Snacks and health and wellness_3.18.12.jpgConsumer concerns about nutrition, health and wellness -- as well as government policy and pressure from watchdog groups -- pose an important challenge for the snack food industry as it seeks to grow and avoid harmful governmental restrictions and increased regulations, according to panelists of a Saturday morning educational session.

"As a registered dietitian," snack foods have a place in a healthy lifestyle," asserted Susan Bora, senior vice president, communications, at the Food Marketing Institute (FMI). "But there are challenges and it is going to take a lot of work to get there."

Borra presented consumer trend statistics that show increasing concern among supermarket shoppers about the nutritional value of the foods they buy, and growing interest in easy-to-find and easy-to-understand nutritional labeling on the front of packages.

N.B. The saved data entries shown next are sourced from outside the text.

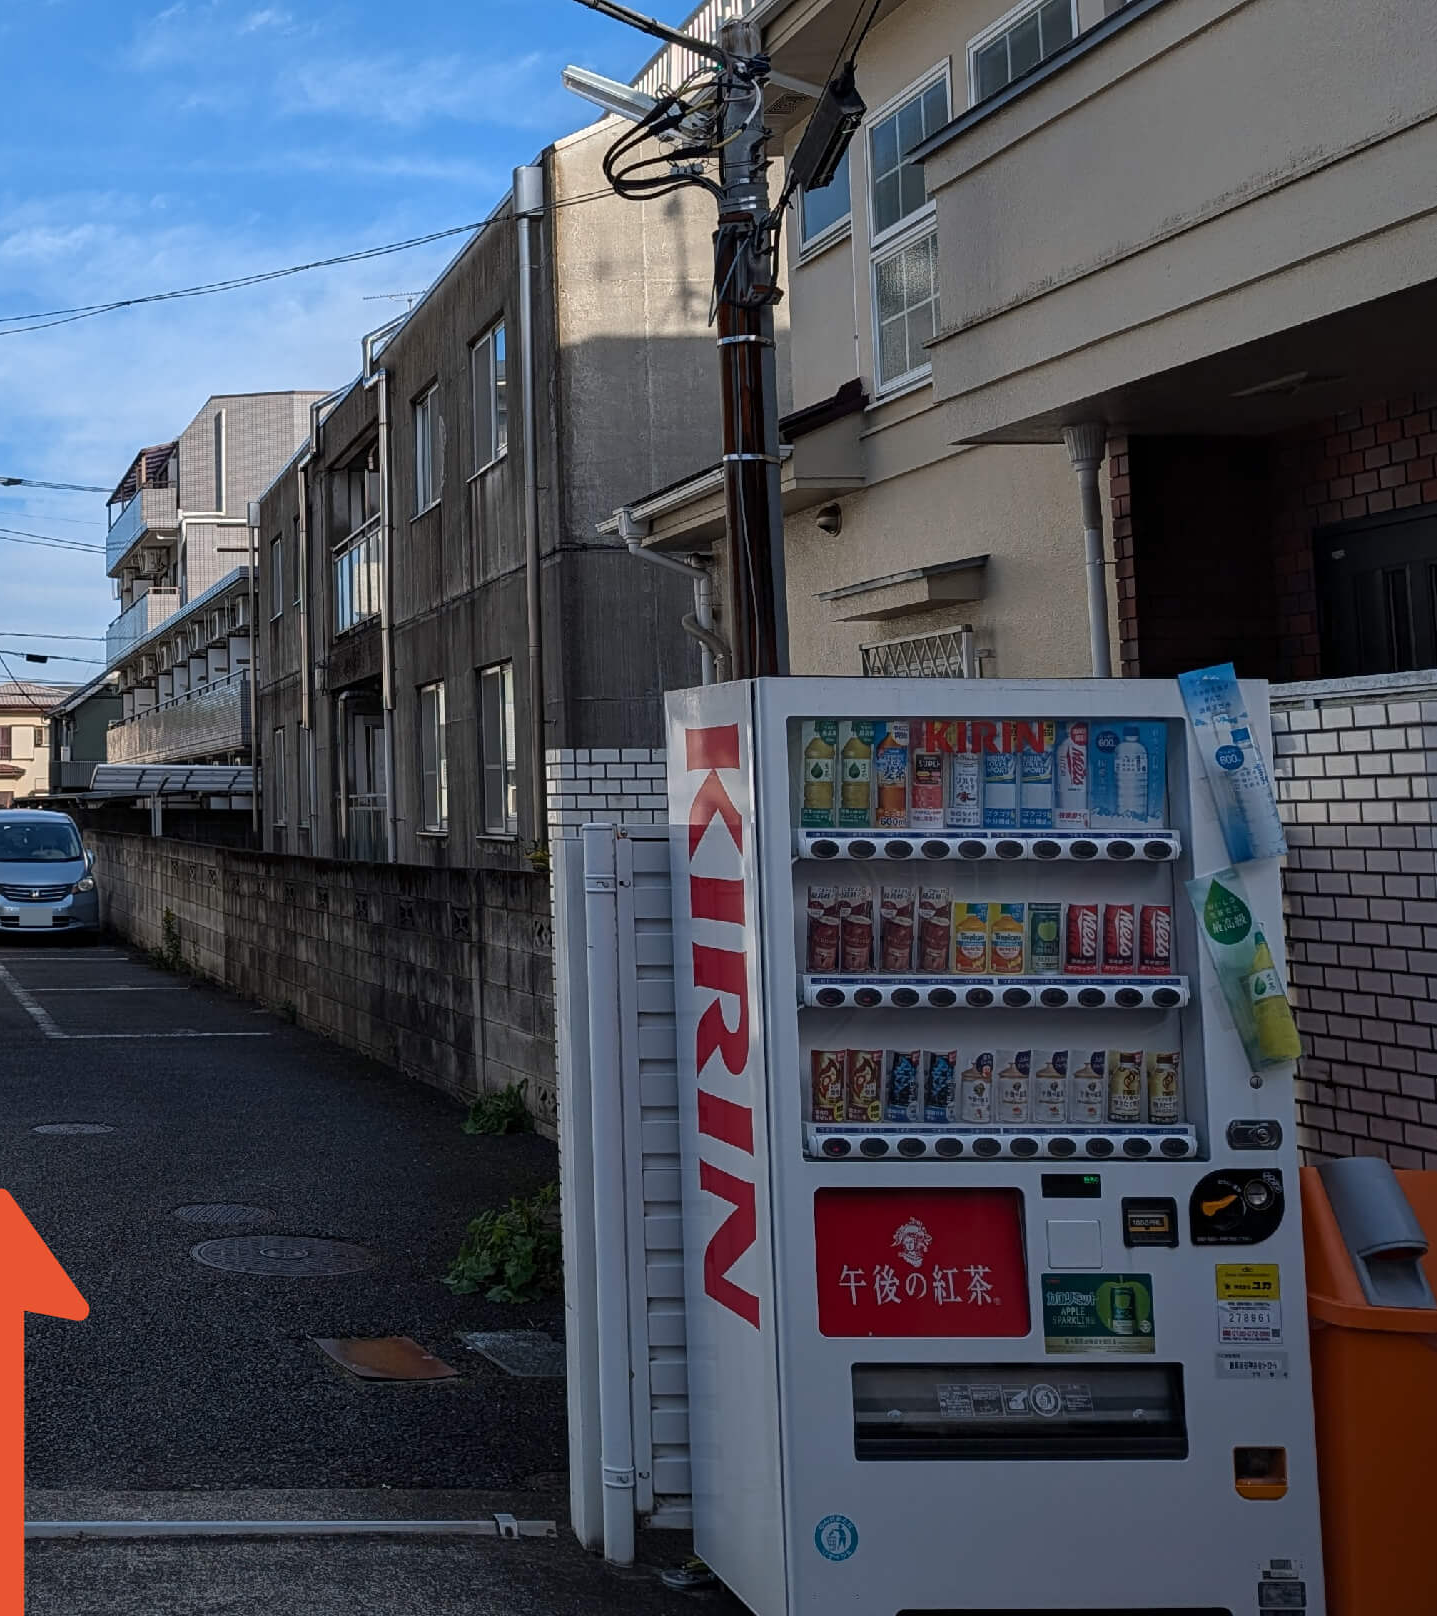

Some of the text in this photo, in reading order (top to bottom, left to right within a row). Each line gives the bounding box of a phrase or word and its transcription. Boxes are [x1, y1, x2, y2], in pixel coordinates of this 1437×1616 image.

[925, 719, 1045, 753] KIRIN
[1082, 908, 1098, 956] Mets
[1118, 908, 1135, 957] Mets
[1155, 910, 1171, 957] Mets
[685, 726, 760, 1332] KIRIN
[839, 1264, 994, 1306] 午後の紅茶
[1060, 1307, 1086, 1316] APPLE

"What can you do?" she asked the snack manufacturers in the audience. "Reformulation of existing products and new product development," are possible approaches, she said, so products "have a healthier halo." She acknowledged, however, that flagship products probably should not be reformulated. Managing portions, providing 100 calorie packaging and child's portions are other opportunities.

"Be transparent," she said. "Let people know about your product, how proud you are of it."

There was discussion about consumer distrust resulting from food safety incidents or negative publicity about the industry spawned by anti-industry groups. David Schmidt, president & CEO, International Food Information Council, outlined steps IFIC is taking to counter those tactics, including the development of classroom materials for use by teachers to help "demystify" the process by which food reaches the table.

Beth Johnson, principal & founder, Food Directions, LLC, also a registered dietician, acknowledged that efforts are underway to restrict food allowed for purchase with food stamps and that SFA is working with other industry and anti-hunger organizations to oppose such restrictions.